Смутное раздражение, которое испытывал венценосец при имени Лермонтова, готово было разразиться припадком гнева. Нашлись же головы, которые думают, что его величеству будет приятно читать восхваление этого поручика! Не забыли написать даже о его великодушии и засвидетельствовали его отличную службу. Нечего сказать, отличная!
«Ослы!» – мысленно заключил император и взялся за перо.
На письменном столе перед ним лежали бумаги, касавшиеся кавказской экспедиции, – справки о полках, которые можно тотчас бросить в дело. Несколько минут был слышен шелест бумаг, потом царь снова взял перо.
«Поручика Лермонтова перевести в Тенгинский пехотный полк тем же чином».
Участь поэта была решена. Его величество снова углубился в военные планы. Тенгинский полк, во всяком случае, первым откроет кампанию, не ожидая подхода подкреплений.
Венценосец подумал и опять вернулся к делу поручика Лермонтова. Но так как оно было уже решено и император вовсе не собирался его перерешать, то он прибавил к резолюции всего одну короткую фразу:
«Исполнить сегодня же».
Высшие соображения Николая Павловича, побудившие его к такой необыкновенной поспешности, остались тайной для генерал-аудиториата. Те самые судьи, которые вызвали гнев императора своими неуместными соображениями по делу Лермонтова, пришли в полное недоумение. Как быть с этим поручиком, если его величество ни слова не сказал о предварительном содержании осужденного в крепости?

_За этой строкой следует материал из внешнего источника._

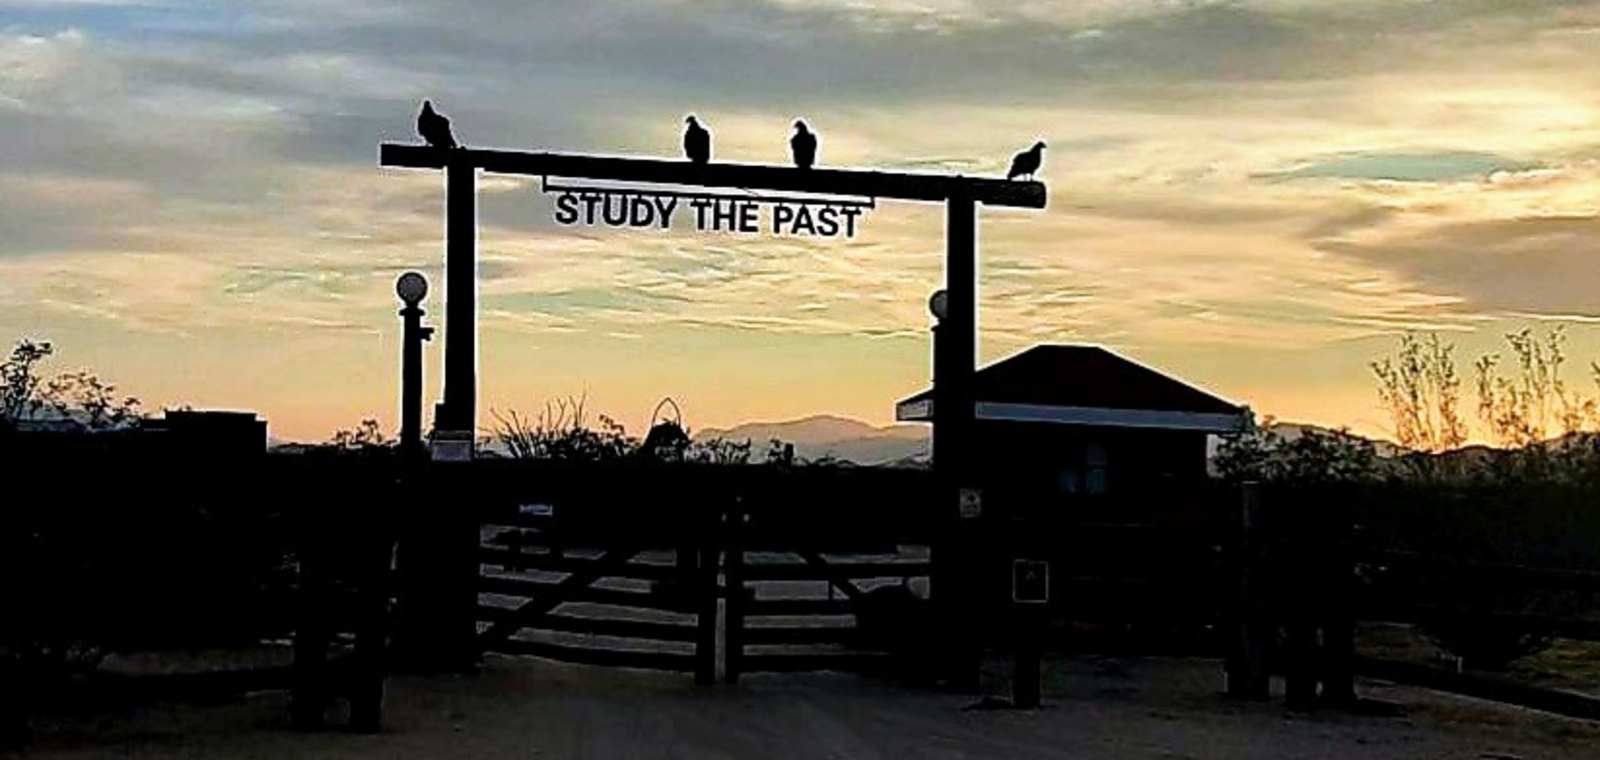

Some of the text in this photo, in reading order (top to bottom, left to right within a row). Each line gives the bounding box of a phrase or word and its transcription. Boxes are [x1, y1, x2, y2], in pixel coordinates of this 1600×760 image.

[555, 193, 862, 238] STUDY THE PAST
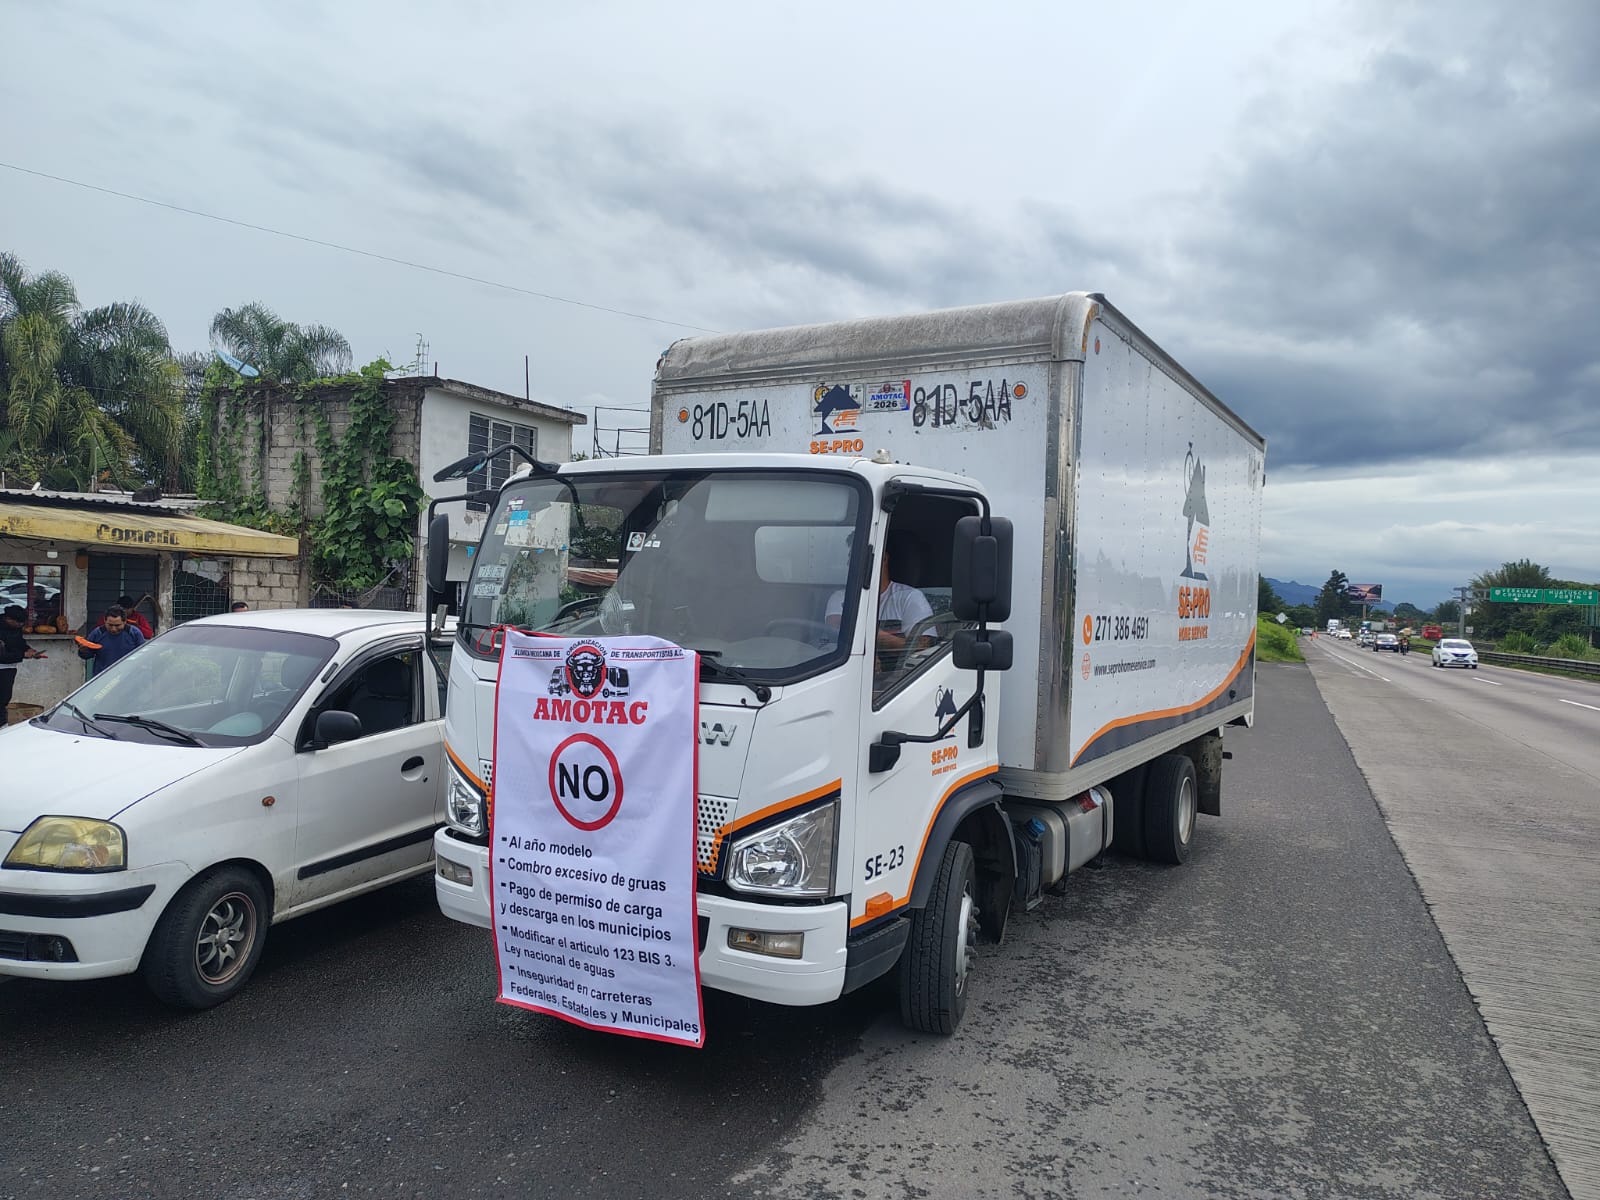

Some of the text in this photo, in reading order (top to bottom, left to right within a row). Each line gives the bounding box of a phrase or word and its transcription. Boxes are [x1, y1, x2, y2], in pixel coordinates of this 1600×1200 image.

[692, 400, 771, 440] 81D-5AA
[874, 400, 898, 409] 2026
[913, 379, 1011, 427] 81D-5AA
[810, 438, 864, 454] SE-PRO
[1178, 586, 1210, 619] SE-PRO
[1095, 616, 1149, 640] 271 386 4691
[554, 650, 560, 658] DE
[610, 650, 620, 658] DE
[534, 698, 648, 725] AMOTAC
[931, 745, 958, 765] SE-PRO
[558, 763, 610, 802] NO
[509, 836, 592, 858] Al año modelo
[864, 845, 904, 880] SE-23
[508, 857, 666, 892] Combro excesivo de gruas
[510, 881, 662, 920] Pago de permiso de carga
[500, 902, 672, 942] y descarga en los municipios
[504, 942, 615, 978] Ley nacional de aguas
[510, 925, 676, 968] Modificar el articulo 123 BIS 3.
[518, 966, 652, 1006] Inseguridad en carreteras
[510, 982, 699, 1034] Federales, Estatales y Municipales

Усердные, но недогадливые головы решили вновь повергнуть дело к стопам монарха. Они, оказывается, задержали Лермонтова на несколько дней.
В Тенгинский полк! Черт бы побрал поручика Лермонтова вместе с генерал-аудиториатом! Ни часу отсрочки! И счастливого ему пути!
…Михаил Юрьевич оказался наконец в объятиях бабушки. Но едва успел рассказать безутешной старухе о новой ссылке на Кавказ, как ему вручили под расписку казенный пакет.
Шеф жандармов просил поручика Лермонтова пожаловать к нему в ближайший день.
Александр Христофорович сидел в служебном кабинете, слегка склонив лысеющую голову к каким-то бумагам. Лермонтов, допущенный к графу без всяких задержек, стоя ожидал.
Пауза затягивалась. В какую-то секунду Михаилу Юрьевичу показалось, что Бенкендорф не то скосил на него один глаз, не то будто подмигнул и снова склонился к бумагам. Вдруг граф выпрямился, приподнялся в кресле, словно только сейчас увидел посетителя.
– Покорнейше прошу! – он любезно указал на кресло. – Убедительно прошу, без чинов. Скажу прямо, у меня к вам, поручик, нет никакого дела по службе…
Бенкендорф помедлил наблюдая. Лермонтов не выразил ни удивления, ни растерянности. Он сел в предложенное кресло, сохраняя молчание.
– Никакого дела к вам не имею, – еще раз подтвердил Бенкендорф и подарил поэта широкой, дружеской улыбкой. – Но, неизменно уважая бабушку вашу, почтеннейшую… э… э… Елизавету Алексеевну… весьма ей сочувствую. В добром ли она здоровье?
– Бабушка моя находится в добром здоровье, – отвечал Михаил Юрьевич, не спуская глаз с Бенкендорфа. – Рад засвидетельствовать это вашему сиятельству, одновременно присоединив и свою благодарность за столь лестное к ней внимание.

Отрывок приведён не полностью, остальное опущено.